The sacred feminine is not lost, nor is she forgotten.
She has been veiled by history.
Time to unveil HERStory.
My journey into the consciousness of Mary Magdalen continues…
Sept 17th, 2003 Overwhelmed, giddy from the experience of writing the first chapter, I felt like I was not revealing a memory but living in the moment. I could smell the odors, see the colors and textures, feel the wind, the linen, the touch of his hand. I am being transformed and once again as I sit here to type, the front door blows in, the wind chimes sing, the birds chitter rapidly. A presence is here again which guides me.
Sept 18th, 2003 What a revelation—on my son’s twentieth birthday no less! I awoke before dawn to liquid purple teardrops slipping through my consciousness. The purple is what I see when I meditate and lately has been calling me to be still. This time I associated the purple with Yeshua and we talked like lovers, old friends, companions. I am clearer now on the multidimensional nature of reality. Yeshua described how he can be here with me as Deborah incarnate on this earth, and alive and well in my past life memory. It is all NOW. There is no time. The entity of Jesus Christ was not the man—Yeshua. “You must present us as the human beings we were, I was a man first.” I asked why he doesn’t come in like this to comfort me, like with my suffering over finances. He said I could be so silly, that the security situation was being taken care of, as T…Steve pointed out, always grounding me. I got the immediate vision that my husband was Teoma. Steve had taken many lifetimes to be with me in this way, always before protecting the bloodline. Then Yeshua spoke fondly of my daughter, Kyra is so beautiful, “I miss her”…
Sept 19th, 2003 So much comes in with Yeshua more deeply entwined in my life.
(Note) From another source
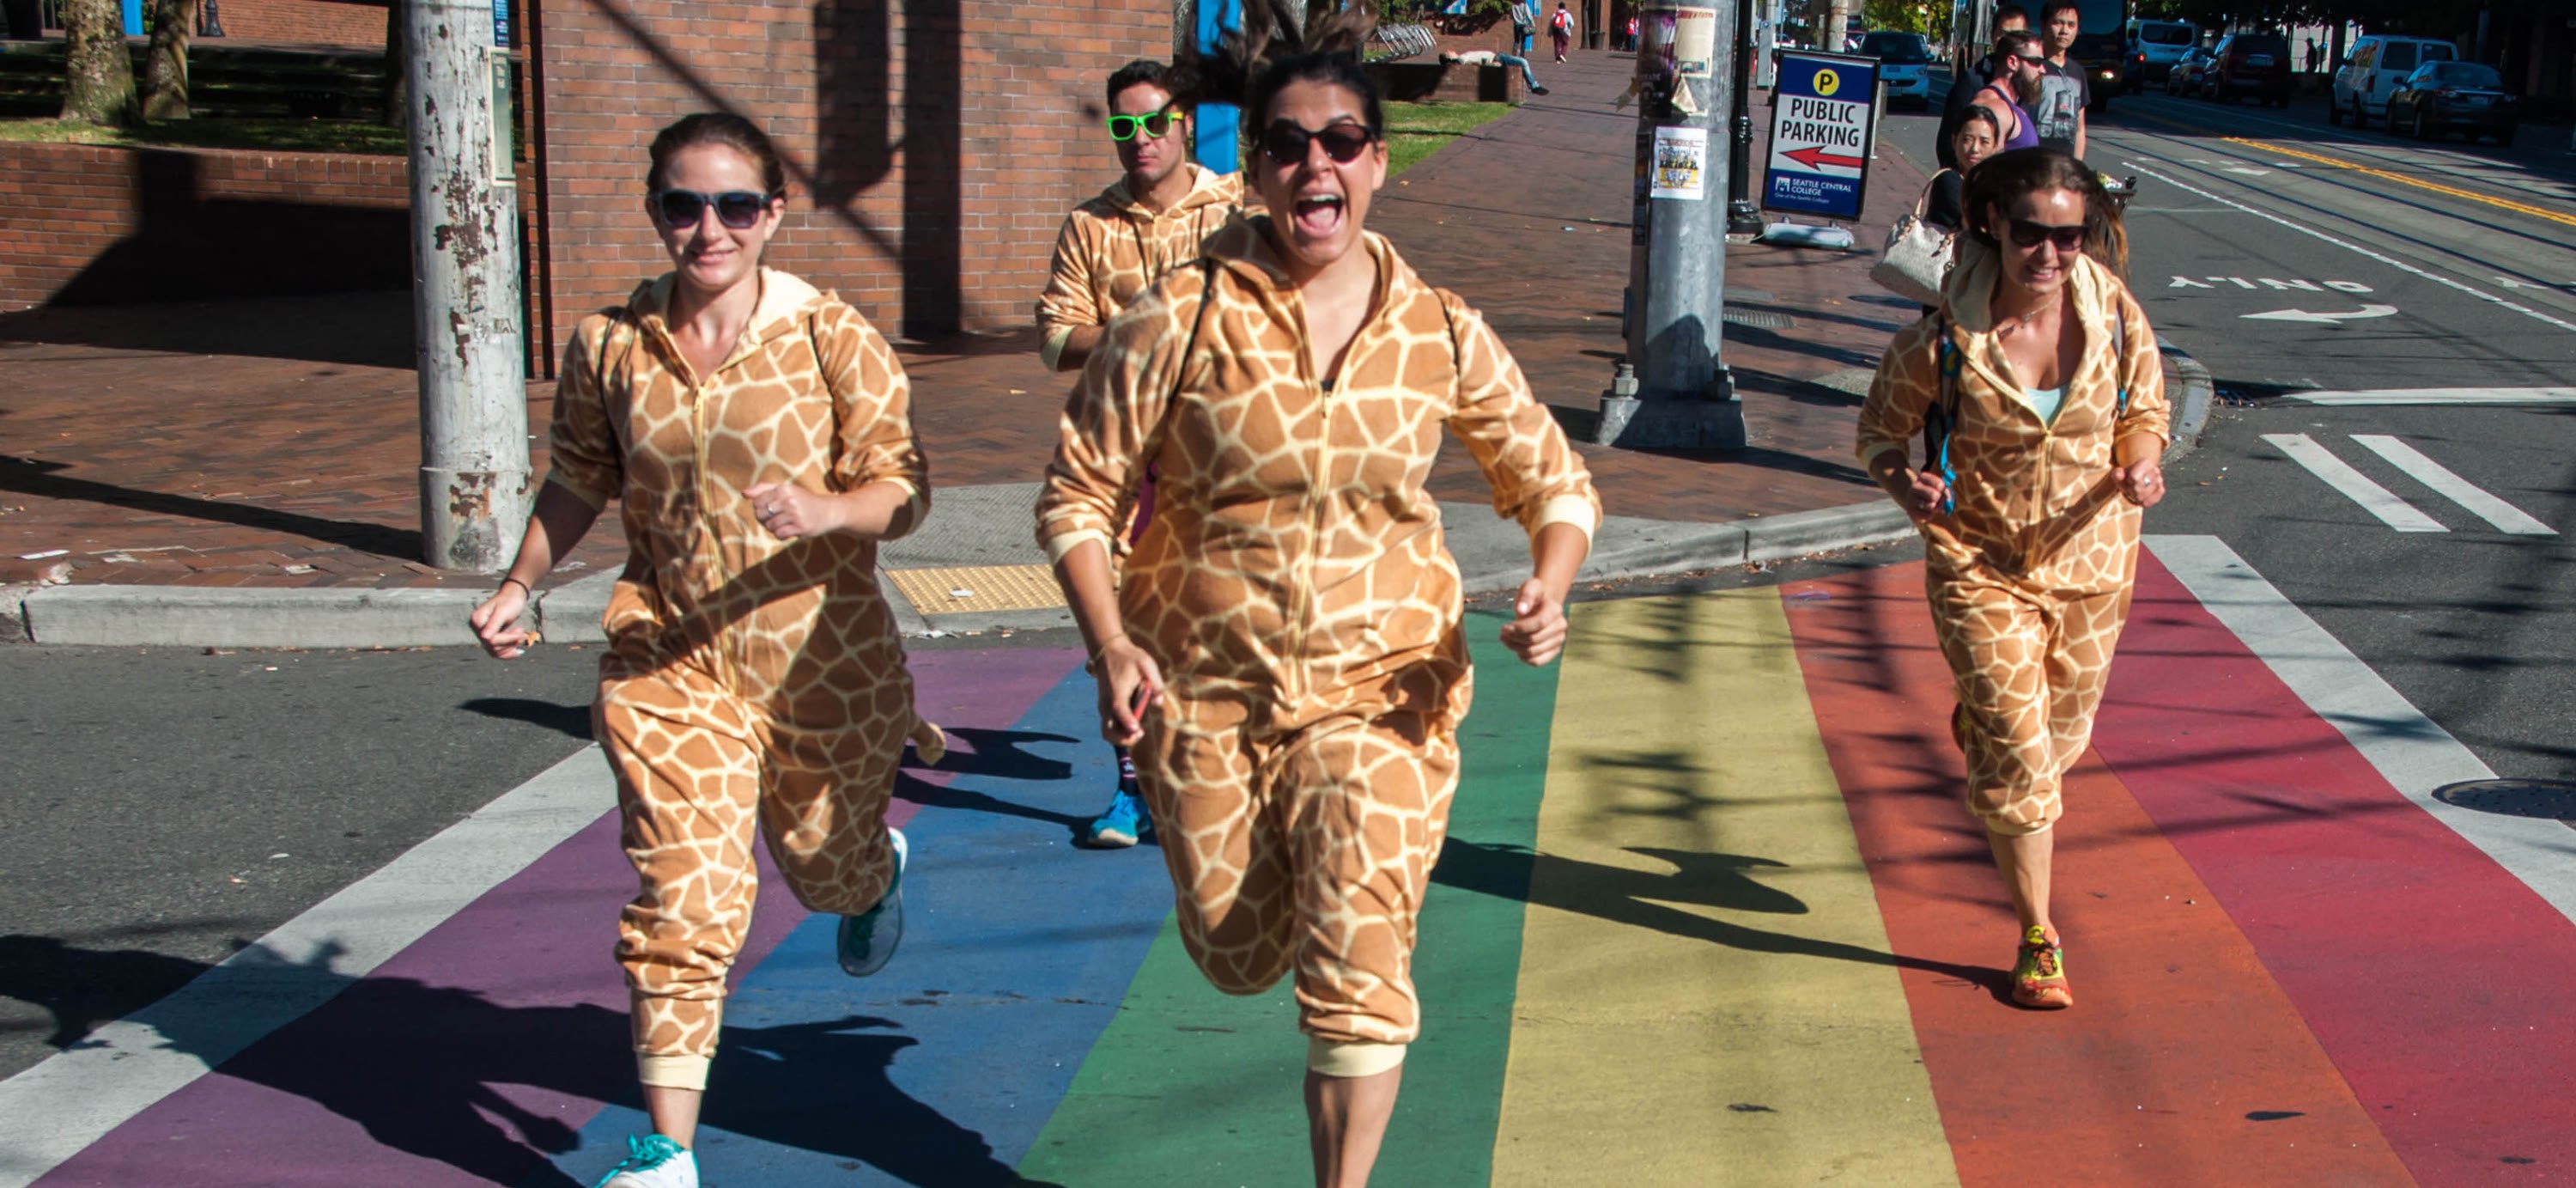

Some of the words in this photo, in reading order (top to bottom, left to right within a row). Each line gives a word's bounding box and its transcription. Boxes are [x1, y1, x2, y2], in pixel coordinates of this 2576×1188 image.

Sometimes we are merged, most of the time we hold very human conversations, and more often his energetic presence is bordering on the physical. I feel rushed, excited, frustrated. The rest of the historical details coming in pieces, I strove for clarity in a text book all the while getting more confused as the dates seemed wrong. I could hear Yeshua advising me to put it down and just write. It’s so interesting that when I relax, the verse just flows in present tense, all my senses are attuned to the writing as I taste, smell, feel the experience. As I become more distracted and nervous about the content, I distance myself unconsciously by writing in the past tense.